Well. You'd think I wrote about the HHS mandate and contraception*. But no, it appears CONFESSION is quite the draw!
Can I just say, though: it was like God wanted me to have the affirmation and backing of my beloved Internet as I sat waiting for my turn in the confessional, trying not to be sick all over the pew. I lapped up each comment, I savored each email, I cried over a TEXT MESSAGE. So THANK YOU.
I went. I survived. I did not feel the Overwhelming Peace afterwards. Huh!
So the story is: I've had a Big Ticket item to confess for, what. Ten years now? Not something I think about very often, but when I do it's an anxiety trigger. I've been squashing it down because I totally believe God has already forgiven me, it probably wouldn't be a Big Ticket Item to anyone else, and I just have to get over it. Get over it already! Except I have never gotten over it.
For a multitude of reasons, not least the fact that I feel God pulling me closer and how can I do that if I am not in right relationship with him? - I was suddenly and quickly convicted to go to confession. It was as if God got up in my face and said, "GET OFF YOUR BUTT, WOMAN." Well, it sounded more like, "O Beloved, Daughter, Go Receive The Sacrament Of Reconciliation!" It just had the TONE of "GET OFF YOUR LAZY BUTT."
BLARGH.
Anyway. I was totally horribly craptastically anxious about it, but I knew I had to do it. So I did it. And afterwards I was totally horribly craptastically anxious.
For one thing, the actual confession was rather anticlimactic. I spit it out, the priest absolved me, and my penance was to think about God's love for me this week (obvs I had already spent 10 years beating myself up. More self-reflection was probably not required.) I thought I might, you know, discuss the last five years' worth of sin, but I think it was clear to both the priest and me that I'd done quite enough that day. I can always go back next week!
But besides that, I wasn't really expecting to feel better. Not right away, anyway. I did not expect the sacrament of reconciliation to perform some sort of healing miracle on my rotten brain chemistry. So here I am, several days later, still anxious, but less craptastically so. Which is what I expected. It will take a while for things to even out, and then?
What I think I DO understand is that the next time this thing pops up, I'll have more to say than, "God has already forgiven me! And I should just get over it!" I'll be able to say, "I confessed. I was absolved. This has no power over me."
Even yesterday when I went to Mass I felt terrified, because my biggest fear, that someone would KNOW this about me, was now a REALITY and holy crap it's the PRIEST who knows this and GAAAHHHH. So of course he gives a homily about forgiveness and God's love and the sacrament of reconciliation and how he has always prayed for "penitential amnesia." It appears God also wanted me to have the affirmation and backing of the priest as well.
Actually, this whole Lenten season, I feel, has been leading up to my moment in the confessional.

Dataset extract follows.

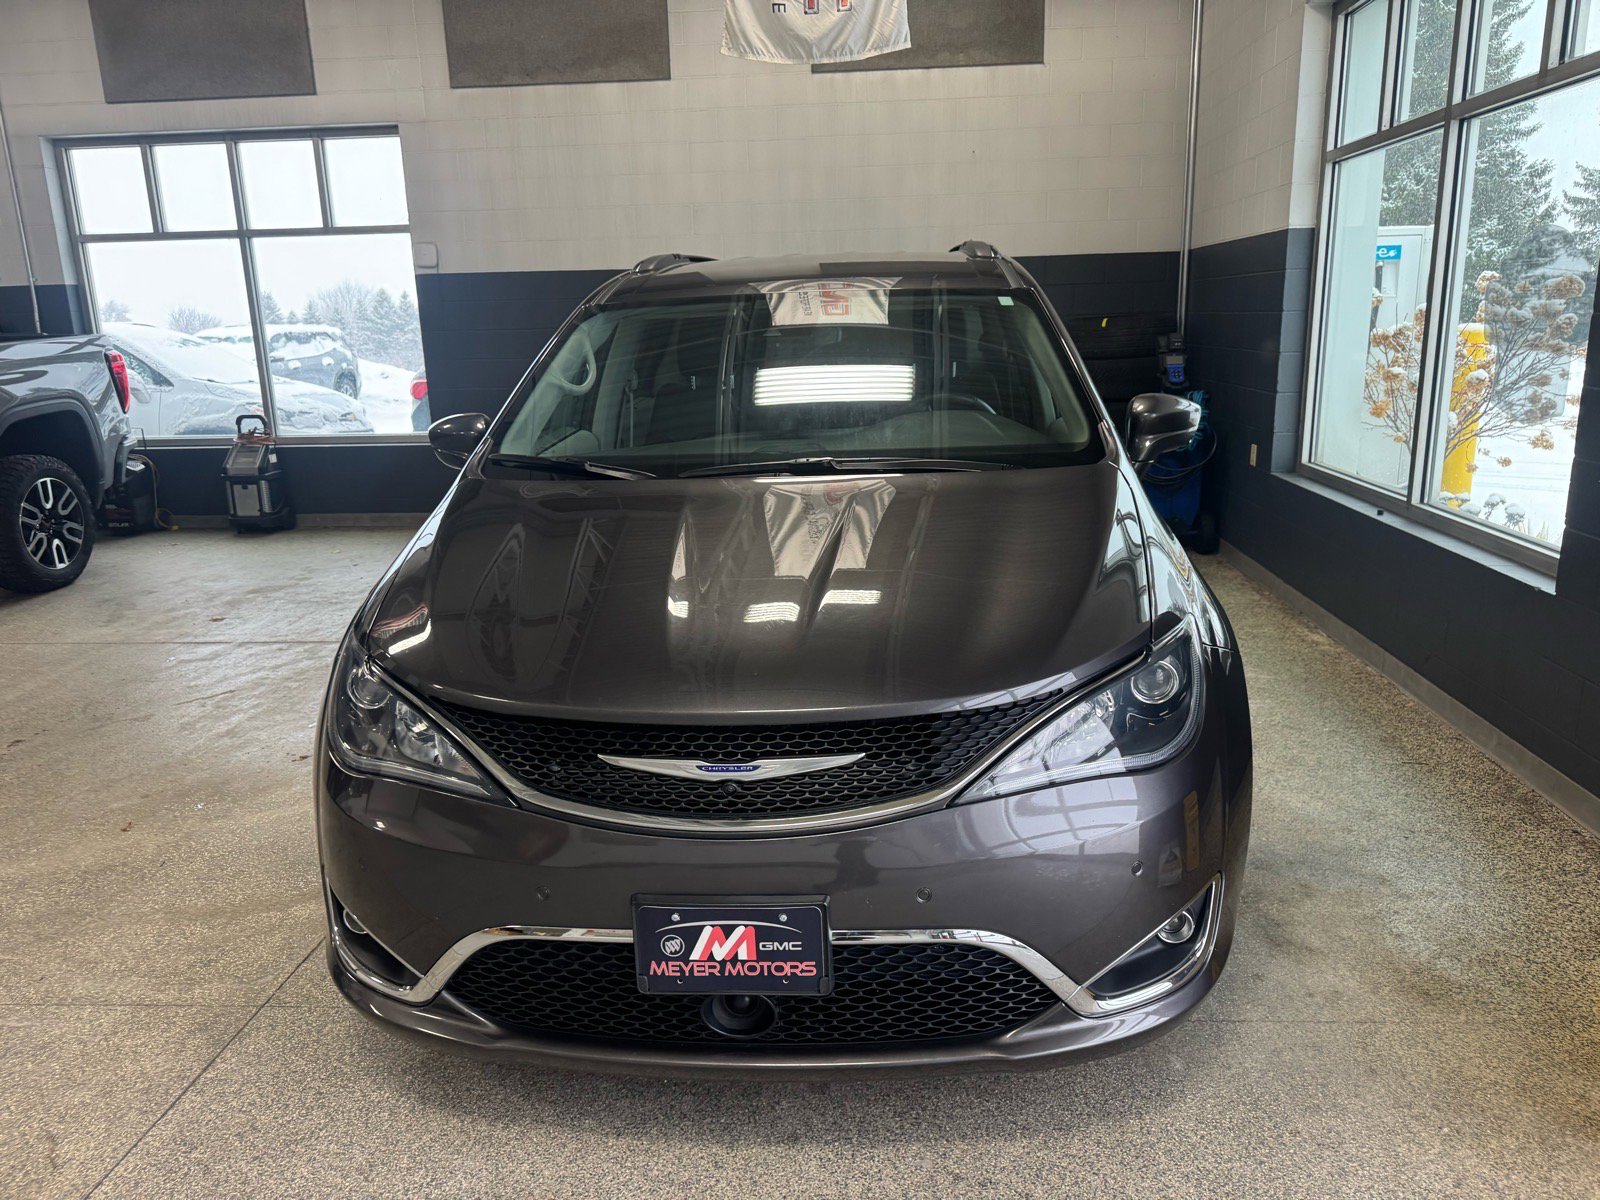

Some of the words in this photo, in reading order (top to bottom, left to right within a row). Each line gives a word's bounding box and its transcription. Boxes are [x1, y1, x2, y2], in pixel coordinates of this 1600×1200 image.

Things we've talked about in my Lent small group (topic: Forgiveness), things that happened during my praying weekend in Portland, things I've talked about with friends, things coming together for the most random of reasons. Why this weekend? I'm not sure. My only thought right now is that God wants to take me somewhere, but I couldn't go along, not really, without letting this go.
Other Christian religions do not require this and to be perfectly honest, it has always puzzled me. I haven't really QUESTIONED it - although that's sort of my MO when it comes to my Catholicism. I'm not really sure WHY about a lot of things, but I kind of trust that things are a certain way for a reason and if I need to know, one day it will be clear. I'm annoyingly un-questioning like that.
But that isn't to say I have cheerfully taken myself to confession on a regular basis. It's never been a fully peaceful cleansing experience for me. I haven't really felt ANYTHING... well, I will tell myself, 30 seconds out of confession: "You are pure again! Oh wait! Oops! There's a sinful thought! There goes THAT!" I just do it because I'm supposed to.
I feel like that changed for me this weekend. I feel like God allowed me to see the ways I've been in bondage to this Big Ticket Item. Even though it probably would not be a Big Ticket Item for anyone else. Even though it was so long ago. Even though God forgave me. Even though I have never done it since. Even though IT IS NOT WHO I AM and NO LONGER IN MY LIFE. Despite the truth of those things, it was bound to me. It followed me. Even when I hadn't thought about it for years, the enemy would remind me of it and use it and the spell of unworthiness and shame would add to my already shaky mental health.
Just knowing that God had forgiven me was not enough, somehow. And something beyond my inability to forgive myself anything. I needed the power and authority of a sacrament.
I know. I do not understand this either. (See: poorly-catechized. Also: bad Catholic.)
I fully expect this to crop up in my life again, anxiety-wise; I expect to be taunted. But for me, there's always been power in words, in talking myself down from things, and now I can say: I confessed. I am reconciled. This has no power over me. And I expect that to be the end.
Thanks for helping me get there.
*HA. Like I would EVER write about the HHS mandate.